Extracted entries
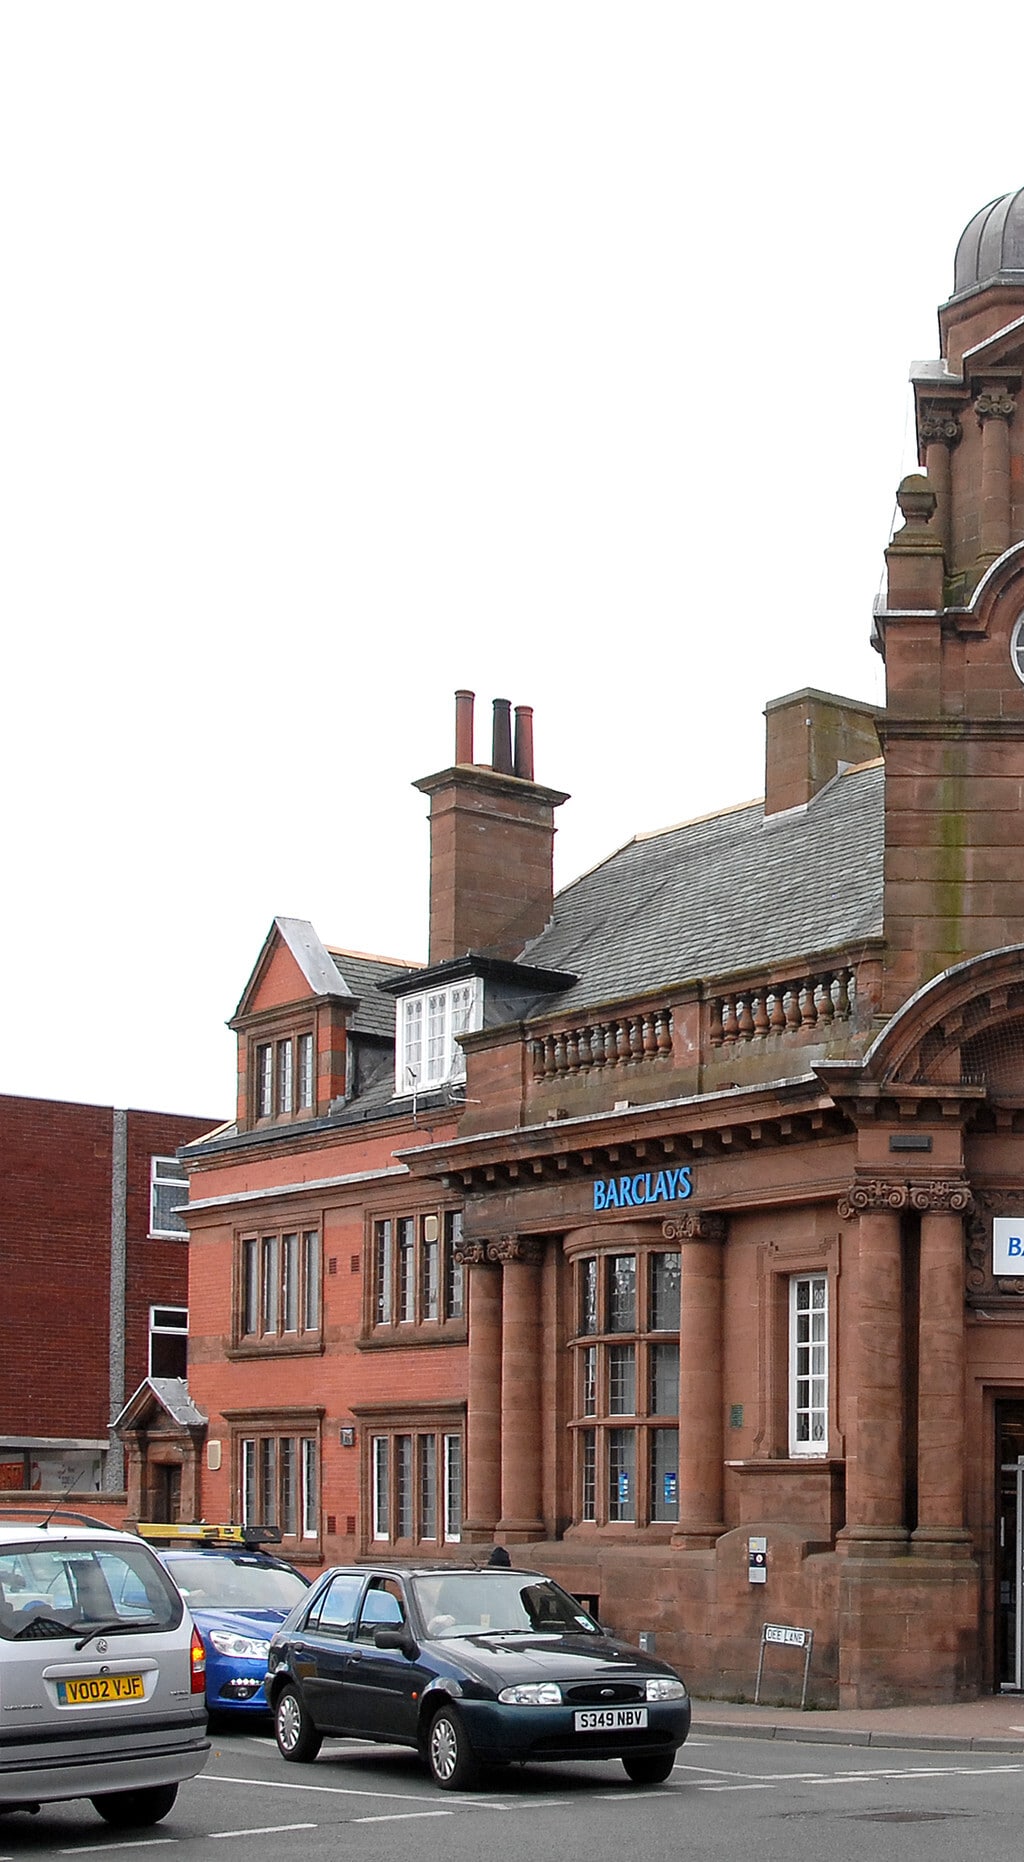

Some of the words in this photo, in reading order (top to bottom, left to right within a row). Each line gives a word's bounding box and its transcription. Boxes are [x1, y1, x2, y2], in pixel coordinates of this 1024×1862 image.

[593, 1167, 692, 1210] BARCLAYS
[767, 1629, 782, 1641] DEE
[784, 1630, 803, 1644] LANE
[111, 1677, 140, 1696] VJF
[580, 1712, 614, 1728] S349
[617, 1711, 642, 1726] NBV
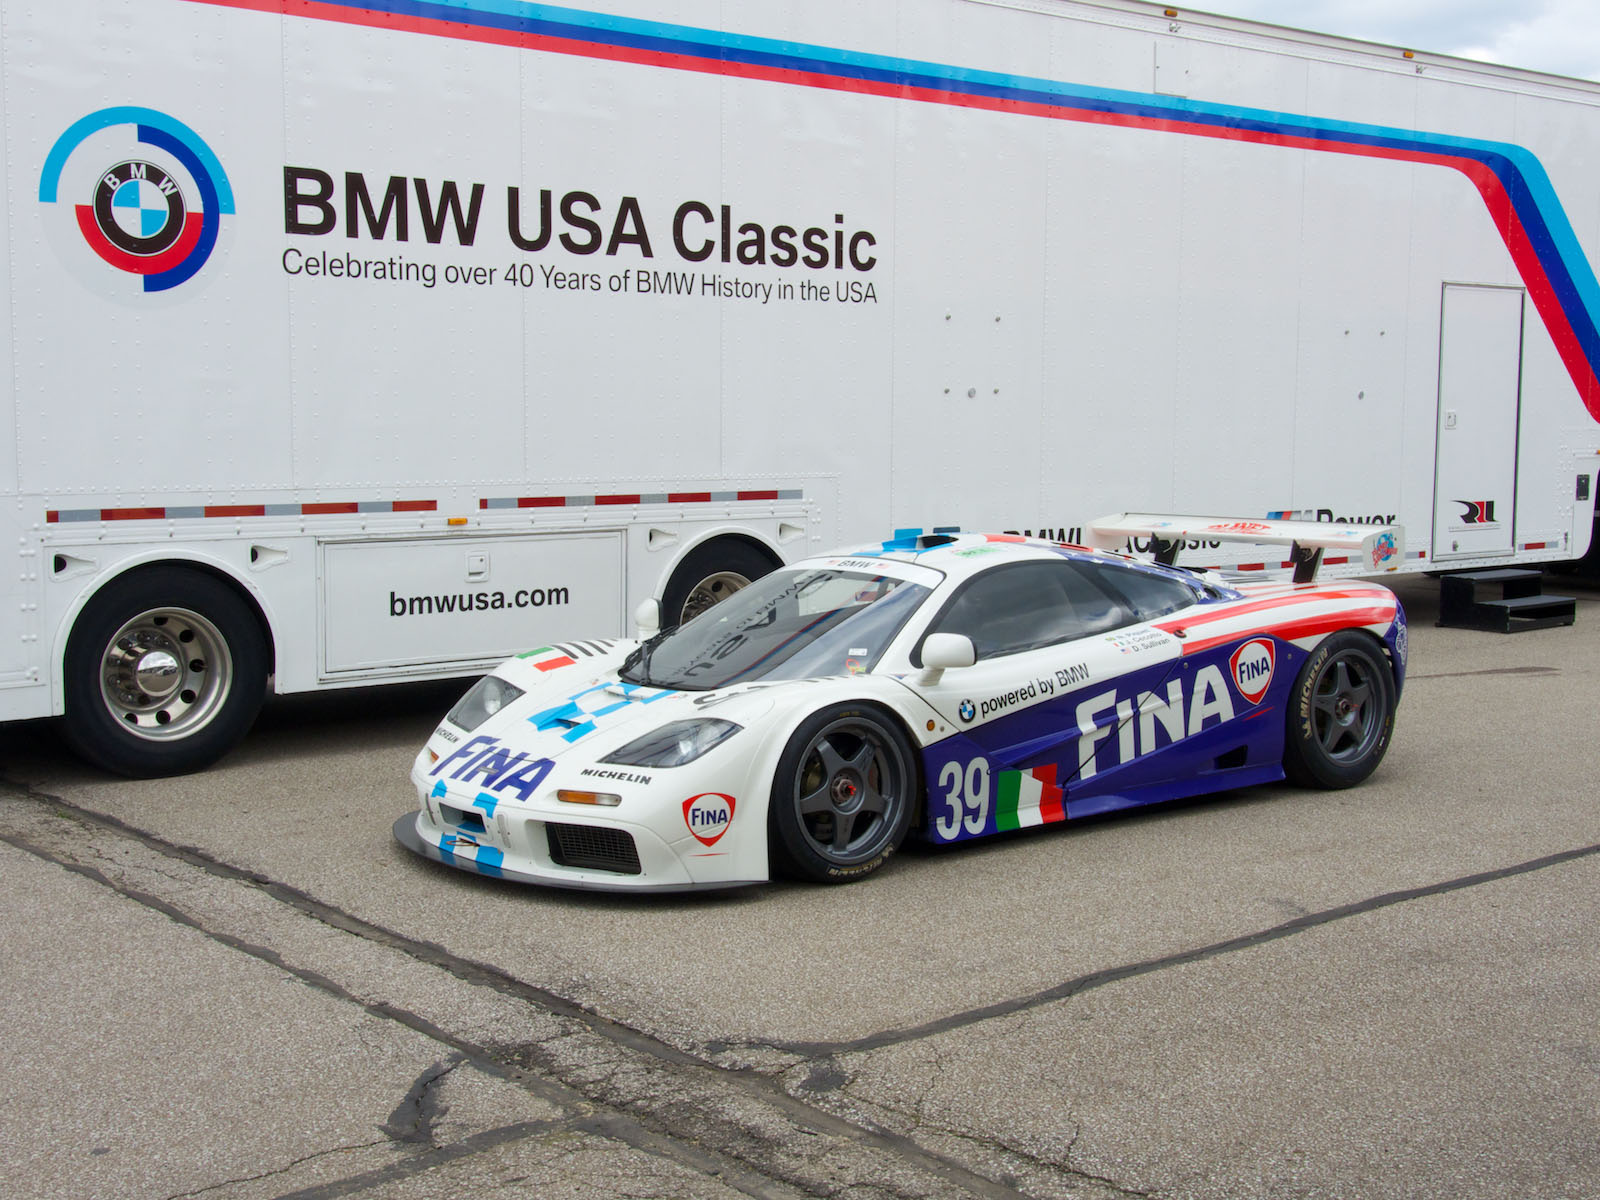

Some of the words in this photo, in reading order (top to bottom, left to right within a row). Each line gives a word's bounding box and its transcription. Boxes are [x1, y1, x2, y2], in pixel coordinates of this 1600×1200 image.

Work task
Apart from the images, retype the full material exactly as written.

Solution to this exercise
Some of the words in this photo, in reading order (top to bottom, left to right within a row). Each line gives a word's bounding box and its transcription. Boxes are [x1, y1, x2, y2], in pixel coordinates of this 1024×1862 image.

[593, 1167, 692, 1210] BARCLAYS
[767, 1629, 782, 1641] DEE
[784, 1630, 803, 1644] LANE
[111, 1677, 140, 1696] VJF
[580, 1712, 614, 1728] S349
[617, 1711, 642, 1726] NBV

Some of the words in this photo, in reading order (top to bottom, left to right within a row). Each line gives a word's bounding box and its transcription. Boxes are [x1, y1, x2, y2], in pixel coordinates of this 1600×1200 image.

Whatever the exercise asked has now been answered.